Work to complete:
Every word of every entry must be retyped exactly.

Data extracted from a collection:
[Start of section]

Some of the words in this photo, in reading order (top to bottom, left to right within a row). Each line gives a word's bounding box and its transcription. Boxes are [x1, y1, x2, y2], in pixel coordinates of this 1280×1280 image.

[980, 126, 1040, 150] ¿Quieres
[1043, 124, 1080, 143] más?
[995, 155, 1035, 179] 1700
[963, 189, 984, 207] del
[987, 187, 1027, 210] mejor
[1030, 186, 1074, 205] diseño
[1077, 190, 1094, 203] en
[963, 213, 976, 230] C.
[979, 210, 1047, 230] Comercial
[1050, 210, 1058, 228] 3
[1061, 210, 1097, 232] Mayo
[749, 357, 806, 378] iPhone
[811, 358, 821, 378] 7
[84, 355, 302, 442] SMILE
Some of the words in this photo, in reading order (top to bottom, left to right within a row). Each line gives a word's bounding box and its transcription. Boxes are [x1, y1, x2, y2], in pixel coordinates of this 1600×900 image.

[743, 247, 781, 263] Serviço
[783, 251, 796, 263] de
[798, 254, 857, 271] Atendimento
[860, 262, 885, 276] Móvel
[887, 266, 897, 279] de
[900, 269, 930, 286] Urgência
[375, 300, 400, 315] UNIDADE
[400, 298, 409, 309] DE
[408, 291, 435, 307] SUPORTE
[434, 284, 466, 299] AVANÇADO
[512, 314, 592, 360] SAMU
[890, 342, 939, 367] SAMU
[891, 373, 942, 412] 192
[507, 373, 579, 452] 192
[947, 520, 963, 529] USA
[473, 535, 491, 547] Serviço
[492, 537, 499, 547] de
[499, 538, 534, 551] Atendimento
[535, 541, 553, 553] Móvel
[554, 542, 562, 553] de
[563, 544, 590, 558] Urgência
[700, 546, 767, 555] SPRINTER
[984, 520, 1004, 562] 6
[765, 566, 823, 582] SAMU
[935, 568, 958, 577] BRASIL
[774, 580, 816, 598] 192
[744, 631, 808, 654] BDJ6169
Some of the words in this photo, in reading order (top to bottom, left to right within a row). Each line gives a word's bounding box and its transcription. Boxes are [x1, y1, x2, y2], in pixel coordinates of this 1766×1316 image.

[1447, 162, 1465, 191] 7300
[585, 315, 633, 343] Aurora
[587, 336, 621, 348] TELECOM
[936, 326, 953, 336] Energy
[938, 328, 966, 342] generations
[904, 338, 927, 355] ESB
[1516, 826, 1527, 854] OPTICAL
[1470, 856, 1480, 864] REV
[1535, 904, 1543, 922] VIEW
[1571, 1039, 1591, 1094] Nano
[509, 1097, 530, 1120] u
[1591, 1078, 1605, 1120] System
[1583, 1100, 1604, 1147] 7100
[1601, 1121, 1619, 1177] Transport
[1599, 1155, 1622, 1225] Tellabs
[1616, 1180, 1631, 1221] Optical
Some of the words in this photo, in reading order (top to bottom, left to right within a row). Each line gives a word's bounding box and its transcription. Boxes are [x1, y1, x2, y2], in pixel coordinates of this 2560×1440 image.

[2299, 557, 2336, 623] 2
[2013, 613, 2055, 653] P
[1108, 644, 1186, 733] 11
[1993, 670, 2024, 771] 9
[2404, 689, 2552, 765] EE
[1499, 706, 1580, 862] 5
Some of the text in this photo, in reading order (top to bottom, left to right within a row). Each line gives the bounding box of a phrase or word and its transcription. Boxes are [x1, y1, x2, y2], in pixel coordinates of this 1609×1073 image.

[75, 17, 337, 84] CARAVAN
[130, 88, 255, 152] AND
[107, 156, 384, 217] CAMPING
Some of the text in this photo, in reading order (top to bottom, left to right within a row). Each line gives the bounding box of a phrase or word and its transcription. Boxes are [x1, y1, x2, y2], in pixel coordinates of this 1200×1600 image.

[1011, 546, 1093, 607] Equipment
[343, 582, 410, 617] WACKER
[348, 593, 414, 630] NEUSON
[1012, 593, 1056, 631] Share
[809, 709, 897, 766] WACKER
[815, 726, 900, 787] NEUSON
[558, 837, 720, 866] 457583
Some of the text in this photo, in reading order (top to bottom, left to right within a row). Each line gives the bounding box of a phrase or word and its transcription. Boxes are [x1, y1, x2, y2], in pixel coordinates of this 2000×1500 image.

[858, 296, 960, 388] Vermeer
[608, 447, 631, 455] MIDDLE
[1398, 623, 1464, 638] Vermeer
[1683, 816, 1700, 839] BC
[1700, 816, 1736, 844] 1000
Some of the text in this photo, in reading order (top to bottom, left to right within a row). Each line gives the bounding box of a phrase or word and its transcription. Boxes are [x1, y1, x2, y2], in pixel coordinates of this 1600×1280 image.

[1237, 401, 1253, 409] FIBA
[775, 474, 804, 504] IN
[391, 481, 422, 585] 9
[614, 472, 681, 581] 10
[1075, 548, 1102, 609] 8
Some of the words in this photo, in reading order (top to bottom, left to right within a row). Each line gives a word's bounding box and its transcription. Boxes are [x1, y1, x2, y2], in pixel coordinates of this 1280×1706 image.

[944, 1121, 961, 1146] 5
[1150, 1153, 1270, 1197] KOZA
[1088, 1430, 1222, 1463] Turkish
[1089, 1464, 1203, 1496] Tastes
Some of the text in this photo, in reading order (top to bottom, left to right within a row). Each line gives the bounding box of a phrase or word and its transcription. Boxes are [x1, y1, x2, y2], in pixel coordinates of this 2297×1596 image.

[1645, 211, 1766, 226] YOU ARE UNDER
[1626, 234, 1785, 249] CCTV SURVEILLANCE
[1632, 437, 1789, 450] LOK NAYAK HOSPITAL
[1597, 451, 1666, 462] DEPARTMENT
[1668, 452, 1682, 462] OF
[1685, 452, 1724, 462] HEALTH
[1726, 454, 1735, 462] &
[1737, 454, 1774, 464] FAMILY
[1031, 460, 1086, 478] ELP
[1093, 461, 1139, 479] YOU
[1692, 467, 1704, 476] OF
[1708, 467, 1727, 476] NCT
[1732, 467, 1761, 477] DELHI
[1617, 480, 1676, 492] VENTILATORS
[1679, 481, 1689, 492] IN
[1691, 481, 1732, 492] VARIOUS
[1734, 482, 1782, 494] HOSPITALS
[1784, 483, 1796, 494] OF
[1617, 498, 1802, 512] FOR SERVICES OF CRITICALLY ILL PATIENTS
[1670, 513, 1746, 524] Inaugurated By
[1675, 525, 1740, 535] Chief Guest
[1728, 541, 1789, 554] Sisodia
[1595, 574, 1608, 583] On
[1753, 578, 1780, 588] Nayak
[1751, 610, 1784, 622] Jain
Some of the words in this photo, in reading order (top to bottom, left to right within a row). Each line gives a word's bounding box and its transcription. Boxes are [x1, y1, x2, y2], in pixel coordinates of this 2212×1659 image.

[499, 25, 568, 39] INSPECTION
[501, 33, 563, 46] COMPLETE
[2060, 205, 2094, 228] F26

[End of section]

Final answer:
Some of the words in this photo, in reading order (top to bottom, left to right within a row). Each line gives a word's bounding box and its transcription. Boxes are [x1, y1, x2, y2], in pixel coordinates of this 1280×1280 image.

[980, 126, 1040, 150] ¿Quieres
[1043, 124, 1080, 143] más?
[995, 155, 1035, 179] 1700
[963, 189, 984, 207] del
[987, 187, 1027, 210] mejor
[1030, 186, 1074, 205] diseño
[1077, 190, 1094, 203] en
[963, 213, 976, 230] C.
[979, 210, 1047, 230] Comercial
[1050, 210, 1058, 228] 3
[1061, 210, 1097, 232] Mayo
[749, 357, 806, 378] iPhone
[811, 358, 821, 378] 7
[84, 355, 302, 442] SMILE
Some of the words in this photo, in reading order (top to bottom, left to right within a row). Each line gives a word's bounding box and its transcription. Boxes are [x1, y1, x2, y2], in pixel coordinates of this 1600×900 image.

[743, 247, 781, 263] Serviço
[783, 251, 796, 263] de
[798, 254, 857, 271] Atendimento
[860, 262, 885, 276] Móvel
[887, 266, 897, 279] de
[900, 269, 930, 286] Urgência
[375, 300, 400, 315] UNIDADE
[400, 298, 409, 309] DE
[408, 291, 435, 307] SUPORTE
[434, 284, 466, 299] AVANÇADO
[512, 314, 592, 360] SAMU
[890, 342, 939, 367] SAMU
[891, 373, 942, 412] 192
[507, 373, 579, 452] 192
[947, 520, 963, 529] USA
[473, 535, 491, 547] Serviço
[492, 537, 499, 547] de
[499, 538, 534, 551] Atendimento
[535, 541, 553, 553] Móvel
[554, 542, 562, 553] de
[563, 544, 590, 558] Urgência
[700, 546, 767, 555] SPRINTER
[984, 520, 1004, 562] 6
[765, 566, 823, 582] SAMU
[935, 568, 958, 577] BRASIL
[774, 580, 816, 598] 192
[744, 631, 808, 654] BDJ6169
Some of the words in this photo, in reading order (top to bottom, left to right within a row). Each line gives a word's bounding box and its transcription. Boxes are [x1, y1, x2, y2], in pixel coordinates of this 1766×1316 image.

[1447, 162, 1465, 191] 7300
[585, 315, 633, 343] Aurora
[587, 336, 621, 348] TELECOM
[936, 326, 953, 336] Energy
[938, 328, 966, 342] generations
[904, 338, 927, 355] ESB
[1516, 826, 1527, 854] OPTICAL
[1470, 856, 1480, 864] REV
[1535, 904, 1543, 922] VIEW
[1571, 1039, 1591, 1094] Nano
[509, 1097, 530, 1120] u
[1591, 1078, 1605, 1120] System
[1583, 1100, 1604, 1147] 7100
[1601, 1121, 1619, 1177] Transport
[1599, 1155, 1622, 1225] Tellabs
[1616, 1180, 1631, 1221] Optical
Some of the words in this photo, in reading order (top to bottom, left to right within a row). Each line gives a word's bounding box and its transcription. Boxes are [x1, y1, x2, y2], in pixel coordinates of this 2560×1440 image.

[2299, 557, 2336, 623] 2
[2013, 613, 2055, 653] P
[1108, 644, 1186, 733] 11
[1993, 670, 2024, 771] 9
[2404, 689, 2552, 765] EE
[1499, 706, 1580, 862] 5
Some of the text in this photo, in reading order (top to bottom, left to right within a row). Each line gives the bounding box of a phrase or word and its transcription. Boxes are [x1, y1, x2, y2], in pixel coordinates of this 1609×1073 image.

[75, 17, 337, 84] CARAVAN
[130, 88, 255, 152] AND
[107, 156, 384, 217] CAMPING
Some of the text in this photo, in reading order (top to bottom, left to right within a row). Each line gives the bounding box of a phrase or word and its transcription. Boxes are [x1, y1, x2, y2], in pixel coordinates of this 1200×1600 image.

[1011, 546, 1093, 607] Equipment
[343, 582, 410, 617] WACKER
[348, 593, 414, 630] NEUSON
[1012, 593, 1056, 631] Share
[809, 709, 897, 766] WACKER
[815, 726, 900, 787] NEUSON
[558, 837, 720, 866] 457583
Some of the text in this photo, in reading order (top to bottom, left to right within a row). Each line gives the bounding box of a phrase or word and its transcription. Boxes are [x1, y1, x2, y2], in pixel coordinates of this 2000×1500 image.

[858, 296, 960, 388] Vermeer
[608, 447, 631, 455] MIDDLE
[1398, 623, 1464, 638] Vermeer
[1683, 816, 1700, 839] BC
[1700, 816, 1736, 844] 1000
Some of the text in this photo, in reading order (top to bottom, left to right within a row). Each line gives the bounding box of a phrase or word and its transcription. Boxes are [x1, y1, x2, y2], in pixel coordinates of this 1600×1280 image.

[1237, 401, 1253, 409] FIBA
[775, 474, 804, 504] IN
[391, 481, 422, 585] 9
[614, 472, 681, 581] 10
[1075, 548, 1102, 609] 8
Some of the words in this photo, in reading order (top to bottom, left to right within a row). Each line gives a word's bounding box and its transcription. Boxes are [x1, y1, x2, y2], in pixel coordinates of this 1280×1706 image.

[944, 1121, 961, 1146] 5
[1150, 1153, 1270, 1197] KOZA
[1088, 1430, 1222, 1463] Turkish
[1089, 1464, 1203, 1496] Tastes
Some of the text in this photo, in reading order (top to bottom, left to right within a row). Each line gives the bounding box of a phrase or word and its transcription. Boxes are [x1, y1, x2, y2], in pixel coordinates of this 2297×1596 image.

[1645, 211, 1766, 226] YOU ARE UNDER
[1626, 234, 1785, 249] CCTV SURVEILLANCE
[1632, 437, 1789, 450] LOK NAYAK HOSPITAL
[1597, 451, 1666, 462] DEPARTMENT
[1668, 452, 1682, 462] OF
[1685, 452, 1724, 462] HEALTH
[1726, 454, 1735, 462] &
[1737, 454, 1774, 464] FAMILY
[1031, 460, 1086, 478] ELP
[1093, 461, 1139, 479] YOU
[1692, 467, 1704, 476] OF
[1708, 467, 1727, 476] NCT
[1732, 467, 1761, 477] DELHI
[1617, 480, 1676, 492] VENTILATORS
[1679, 481, 1689, 492] IN
[1691, 481, 1732, 492] VARIOUS
[1734, 482, 1782, 494] HOSPITALS
[1784, 483, 1796, 494] OF
[1617, 498, 1802, 512] FOR SERVICES OF CRITICALLY ILL PATIENTS
[1670, 513, 1746, 524] Inaugurated By
[1675, 525, 1740, 535] Chief Guest
[1728, 541, 1789, 554] Sisodia
[1595, 574, 1608, 583] On
[1753, 578, 1780, 588] Nayak
[1751, 610, 1784, 622] Jain
Some of the words in this photo, in reading order (top to bottom, left to right within a row). Each line gives a word's bounding box and its transcription. Boxes are [x1, y1, x2, y2], in pixel coordinates of this 2212×1659 image.

[499, 25, 568, 39] INSPECTION
[501, 33, 563, 46] COMPLETE
[2060, 205, 2094, 228] F26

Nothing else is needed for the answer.